Crítica HISTORIAS DEL BUEN VALLE (José Luis Guerin, 2025)

Por Javier Navas González

Hace ya 24 años de En Construcción, aquella película sobre el barrio del Raval, que hablaba desde el centro de Barcelona sobre la urbe, las personas y el cambio en torno a un proceso de demolición y reconstrucción de edificios. Decide ahora Guerin salir a la periferia de la ciudad, concretamente al barrio de Vallvona —destino de muchos emigrantes andaluces durante el franquismo, que construyeron allí sus casas de manera alegal—, para mostrarnos el proyecto urbanístico que amenaza con cambiarlo por completo.

Dialogan ambas peliculas entre sí ya desde el comienzo, en una apertura con imágenes en blanco y negro, pero esta vez no son de archivo sino actuales, grabadas en super 8 —recordándonos a su vez a Tren de Sombras—, de unos niños chapoteando en un río donde está estrictamente prohibido bañarse —así como los críos anarquistas de la película de Jean Vigo—. Hay algo ahí incluso de Innisfree del propio Guerin, en tanto que la película es tremendamente fordiana —pienso ahora irremediablemente  en Las uvas de la Ira— y un soplo de western atraviesa la película —no por nada se juega con que uno de los habitantes pida al director hacer una película del oeste en el lugar—: Tantísimas veces ha tratado el género el cambio que el ferrocarril supuso para todos, paisaje y sociedad  —mostrándose como un símbolo de de desarrollo y una promesa de avance a la modernidad en Johnny Guitar, The Man Who Shot Liberty ValanceThe Iron Horse... e infinidad de obras más—, e Historias del Buen Valle también trata esto mismo.
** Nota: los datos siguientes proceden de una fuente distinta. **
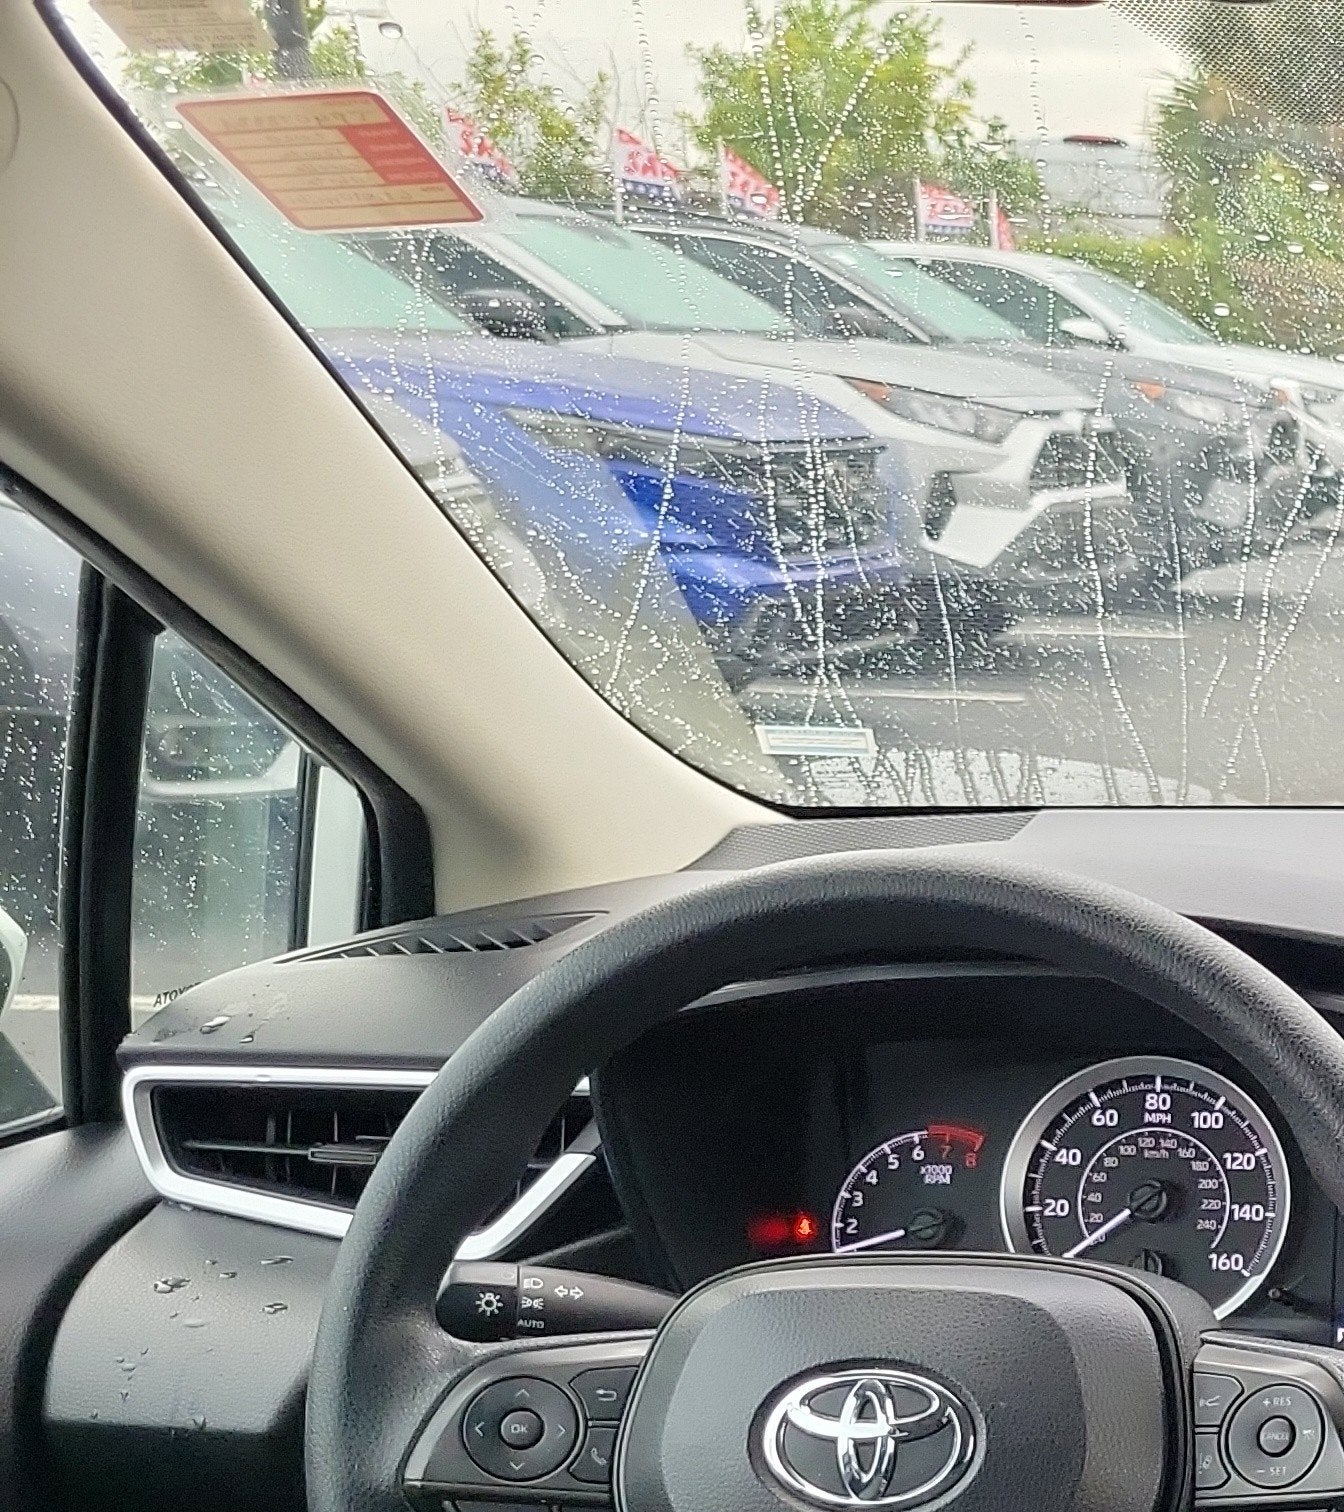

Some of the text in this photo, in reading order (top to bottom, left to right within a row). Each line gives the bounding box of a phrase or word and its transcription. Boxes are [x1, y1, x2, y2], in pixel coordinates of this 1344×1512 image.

Podría seguir ampliándose la lista de comparaciones —en el coloquio posterior sacaba él mismo nombres como Dreyer, Flaherty o Mekas, visibles todos en su obra—, es un tema presente e inagotable desde cualquier tiempo y espacio, desde la filmografía casi al completo de Pedro Costa hasta el Still Life de Zhangke, los elementos fordianos primordiales están ahí: El paso del tiempo, el paisaje perdido... Pero siempre habrá algo único en los documentales de Guerin, precisamente alejados de las ficciones que hasta ahora he nombrado —aunque parezcan acercarse también a lo ficcional, y es en cierto modo parte de la gracia del director y algo consciente desde su arranque—. 

Es un ejercicio que busca en todo momento la dignificación del referente, sin ningún tipo de artificio. Una mirada humanista a los fragmentos del día a día de estos vecinos, que sin sentimentalismos ni dramatizaciones de la miseria logra emocionar tan sólo con las imágenes frente a la cámara y los sonidos que capta, con el retrato tan bonito de la comunidad que logra, que resulta en una radical contraposición —política y cinematográfica— a la cultura del individualismo. Una película que nos permite conectar un poco con la realidad tras las pantallas, ver esa parte más digna del mundo en la que la vida no resulta en una constante confrontación entre iguales. Y es por esto que cada gesto en su interior termina emocionando, por la sinceridad y generosidad que desborda hasta el más banal diálogo, porque sabemos que no hay imposturas en ello.

Como dice uno de los personajes, el principio social es lo primero, el resto no vale nada, y por todos estos motivos es que resulta bastante incomprensible que una película que no sea esta se lleve la Concha de Oro —todo apunta a la victoria de Los Domingos y, si eso, Guerin repitiendo del jurado como anteriormente—, pues está a años luz del resto de sección oficial y del festival en general. Un estreno importantísimo, al nivel de lo que supuso el regreso de Erice, que nadie debería perderse y que demuestra una vez más que hay autores con una calidad cinematográfica en España sobresaliente.